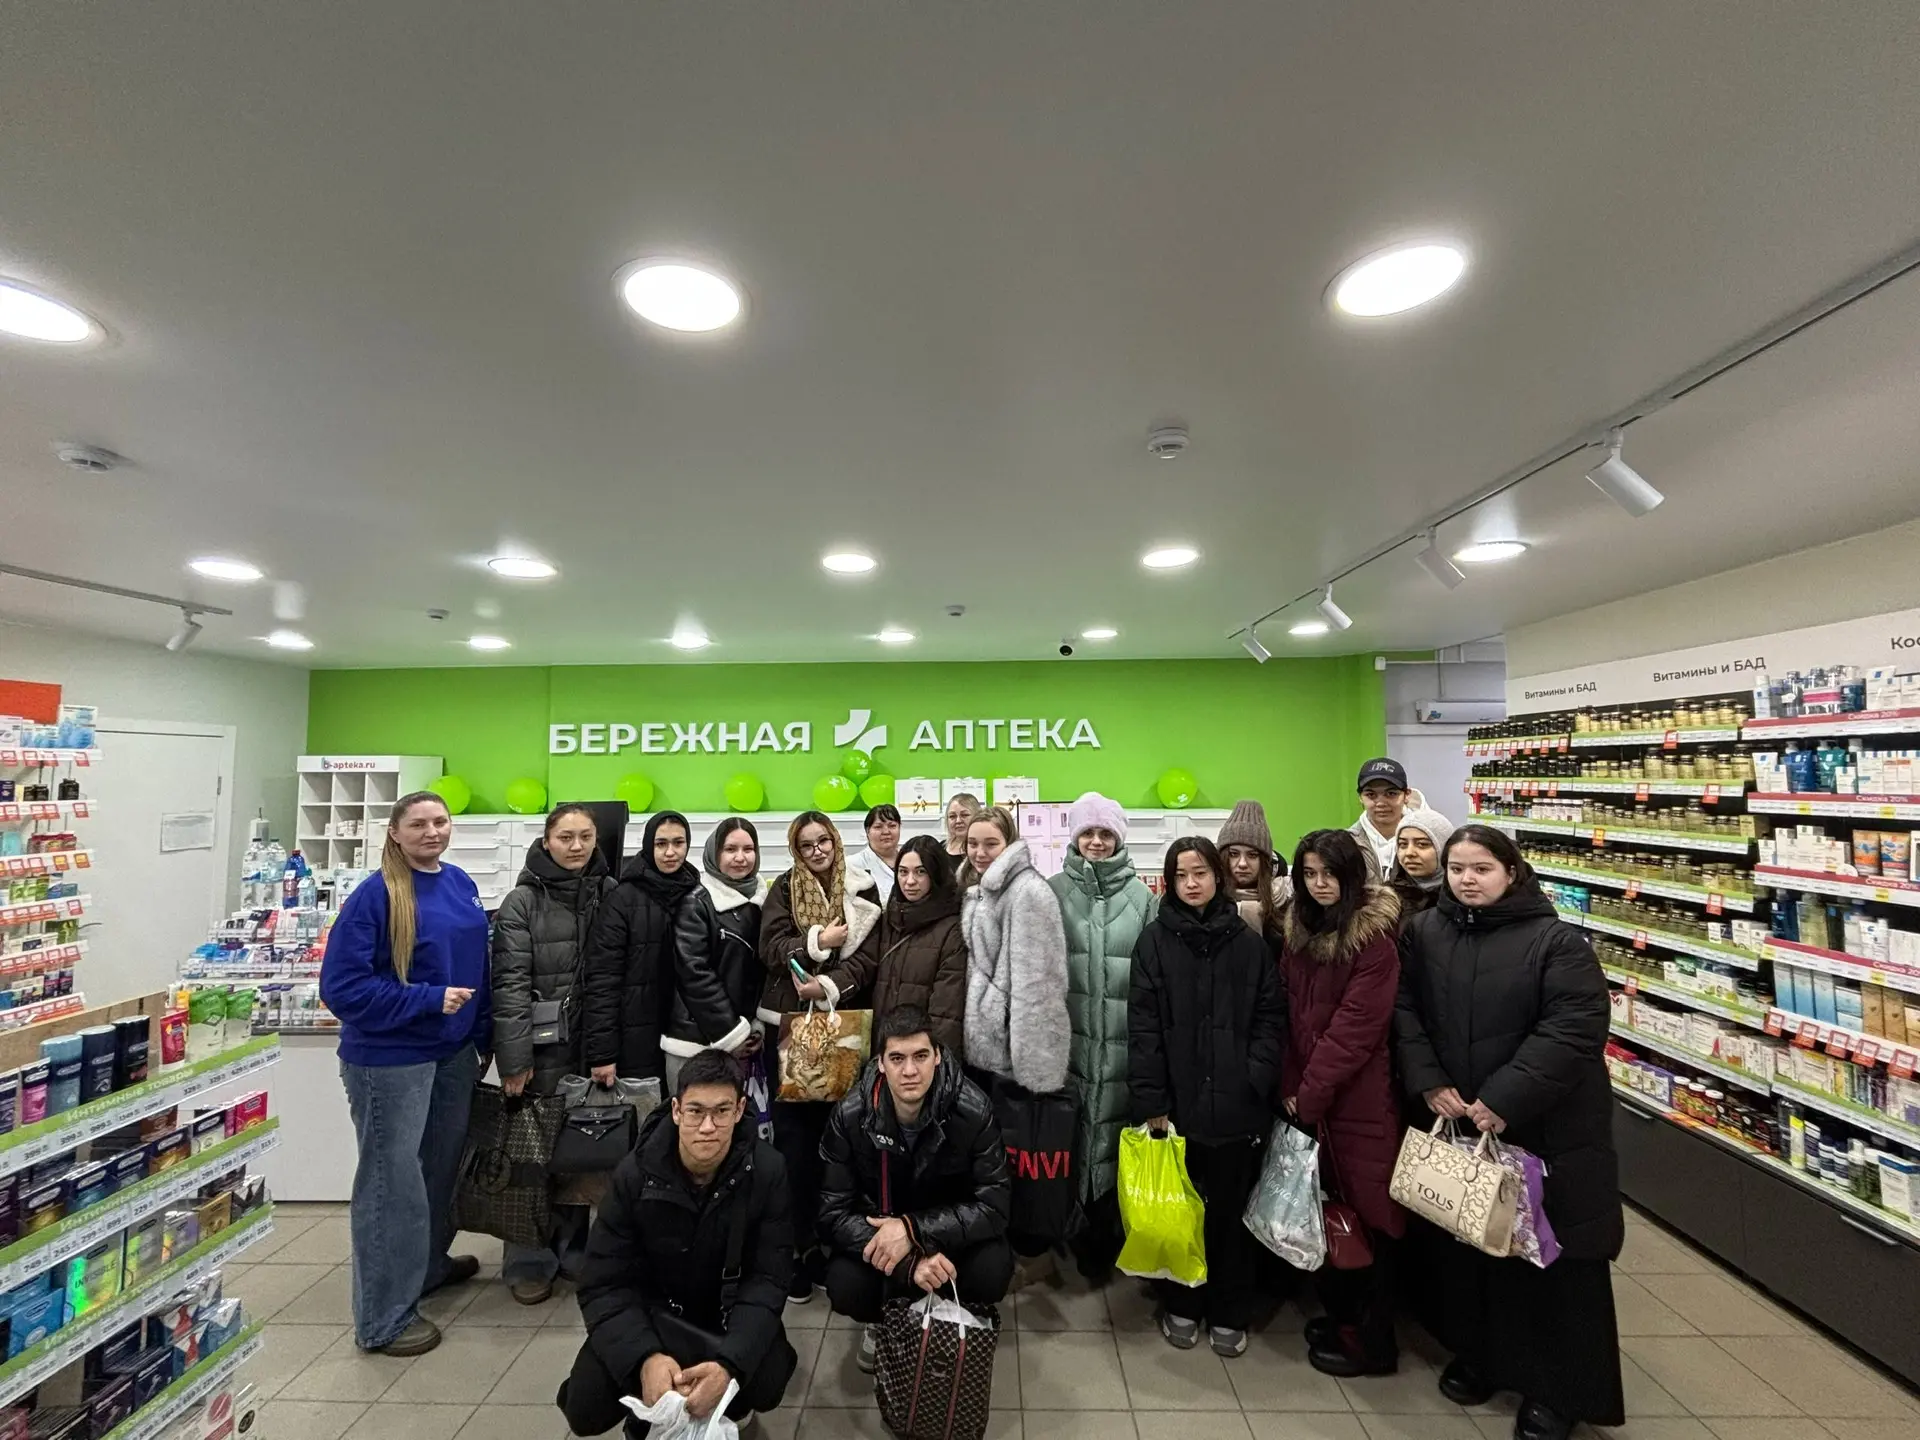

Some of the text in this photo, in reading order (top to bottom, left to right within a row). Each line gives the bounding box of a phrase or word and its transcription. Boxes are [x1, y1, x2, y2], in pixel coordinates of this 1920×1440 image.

[1653, 656, 1766, 683] Витамины и БАД
[1524, 681, 1597, 700] Витамины и БАД
[549, 718, 1101, 754] БЕРЕЖНАЯ АПТЕКА
[321, 757, 376, 771] b-apteka.ru
[66, 1085, 145, 1122] Интимные
[1417, 1181, 1454, 1211] TOUS
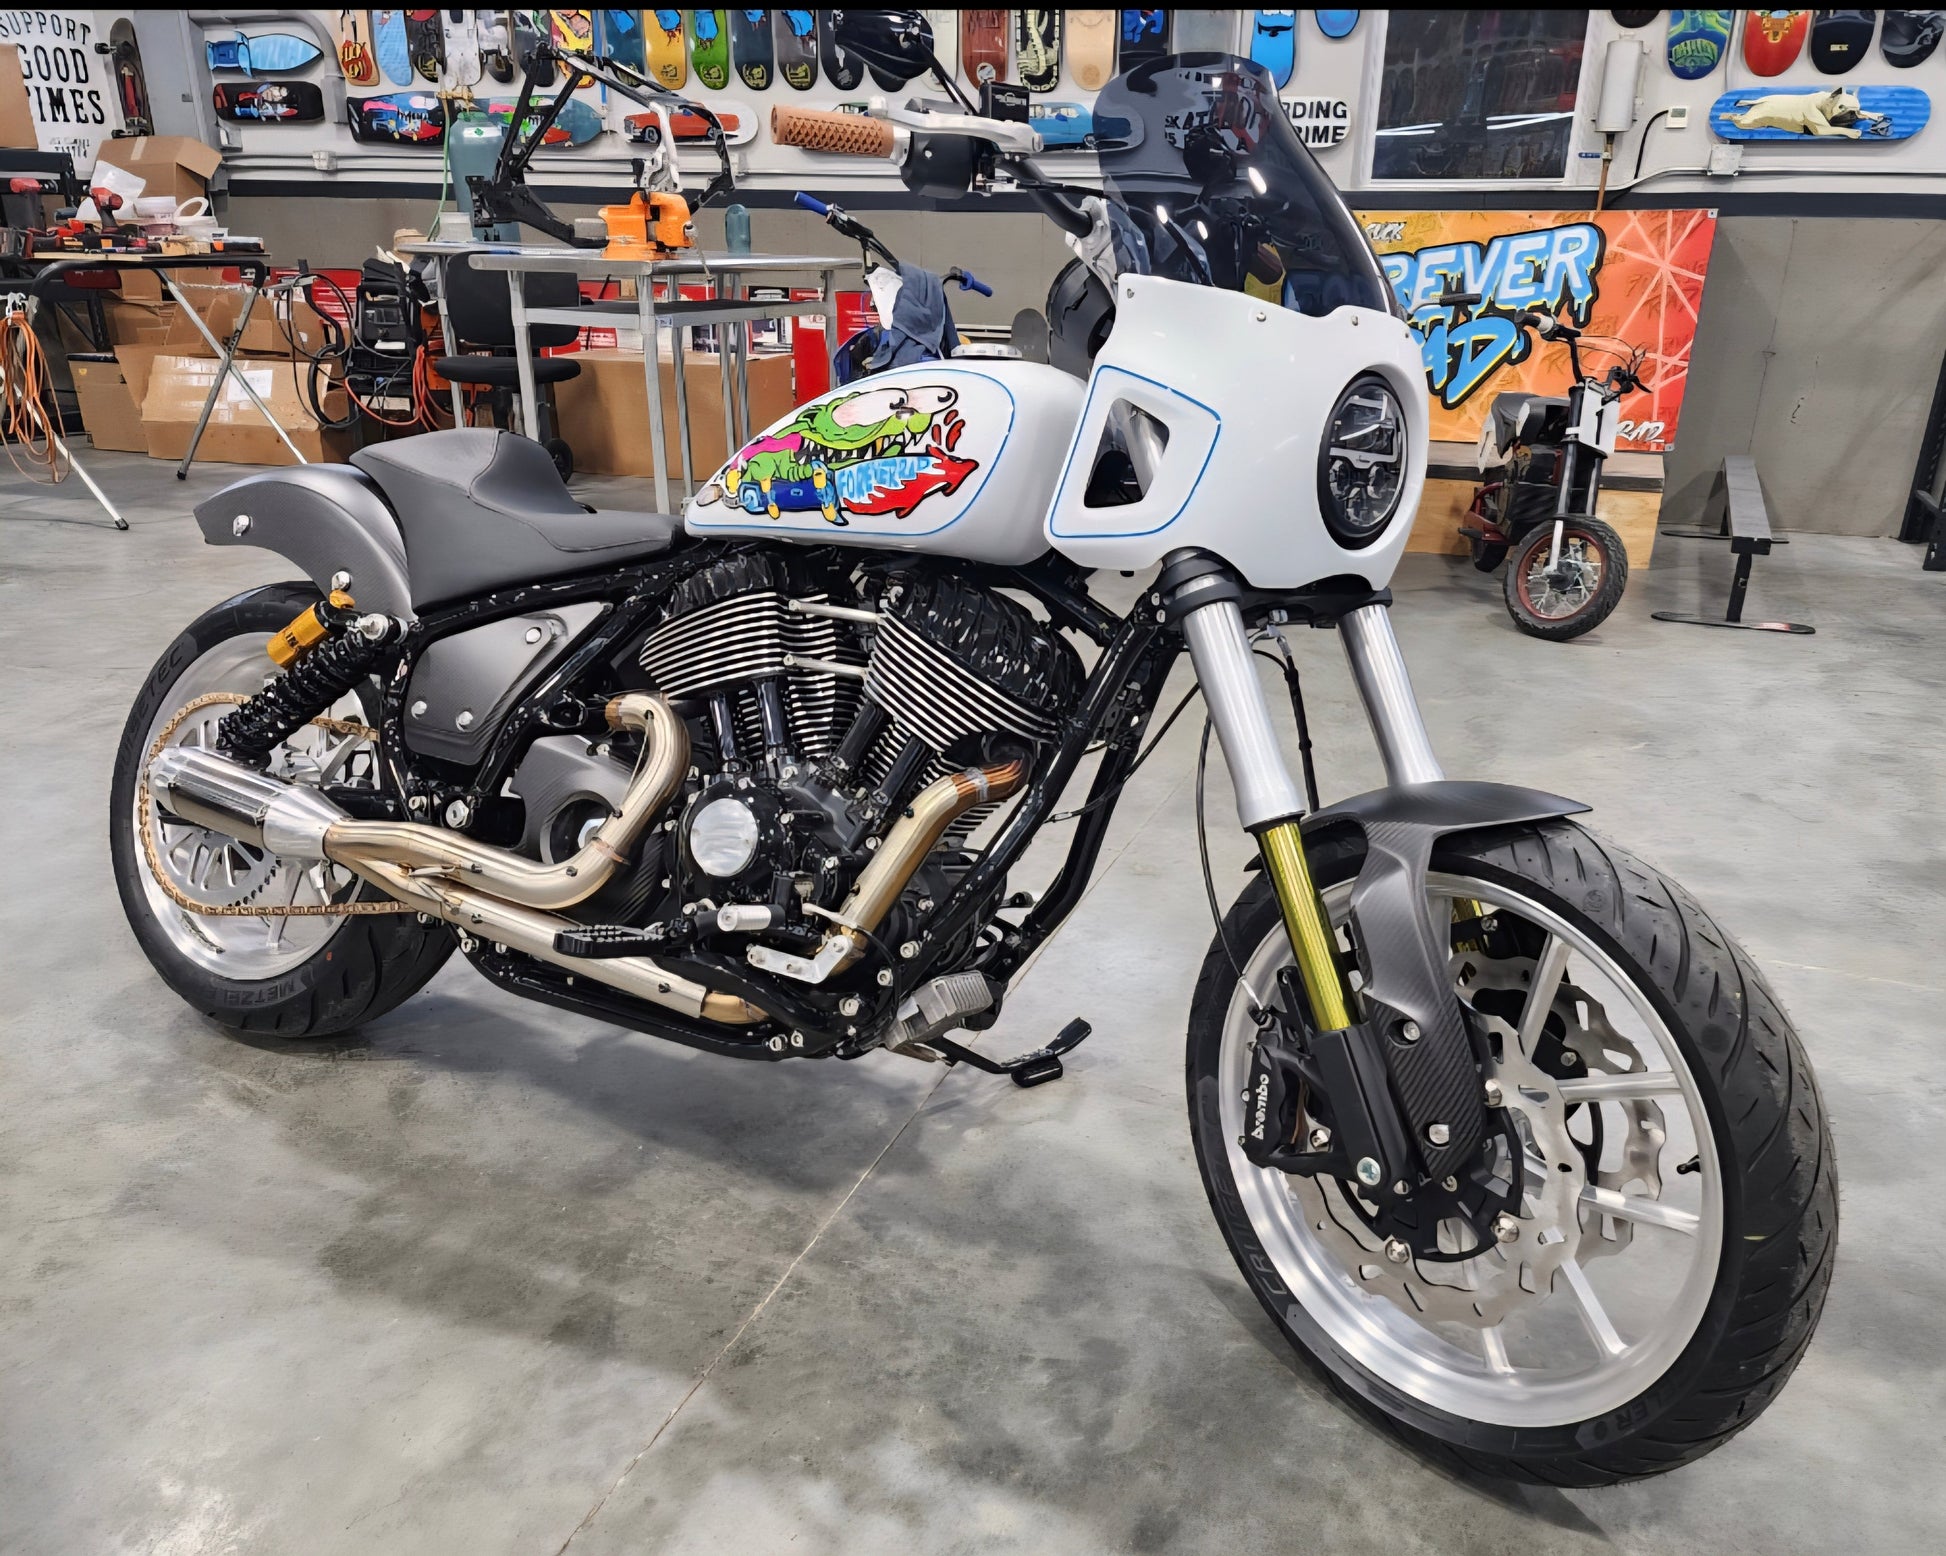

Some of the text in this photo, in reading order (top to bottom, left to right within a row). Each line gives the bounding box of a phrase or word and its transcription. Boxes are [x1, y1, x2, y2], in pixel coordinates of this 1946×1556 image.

[0, 11, 91, 45] SUPPORT
[17, 43, 89, 84] GOOD
[25, 85, 105, 125] IMES
[1294, 125, 1346, 144] IME

# # # # #

_WHAT YOU NEED TO DO_
Line by line, write out the material above exactly, with no images.

_WRITTEN SOLUTION_
Some of the text in this photo, in reading order (top to bottom, left to right within a row). Each line gives the bounding box of a phrase or word and its transcription. Boxes are [x1, y1, x2, y2], in pixel coordinates of this 1920×1440 image.

[1653, 656, 1766, 683] Витамины и БАД
[1524, 681, 1597, 700] Витамины и БАД
[549, 718, 1101, 754] БЕРЕЖНАЯ АПТЕКА
[321, 757, 376, 771] b-apteka.ru
[66, 1085, 145, 1122] Интимные
[1417, 1181, 1454, 1211] TOUS

Some of the text in this photo, in reading order (top to bottom, left to right within a row). Each line gives the bounding box of a phrase or word and its transcription. Boxes are [x1, y1, x2, y2], in pixel coordinates of this 1946×1556 image.

[0, 11, 91, 45] SUPPORT
[17, 43, 89, 84] GOOD
[25, 85, 105, 125] IMES
[1294, 125, 1346, 144] IME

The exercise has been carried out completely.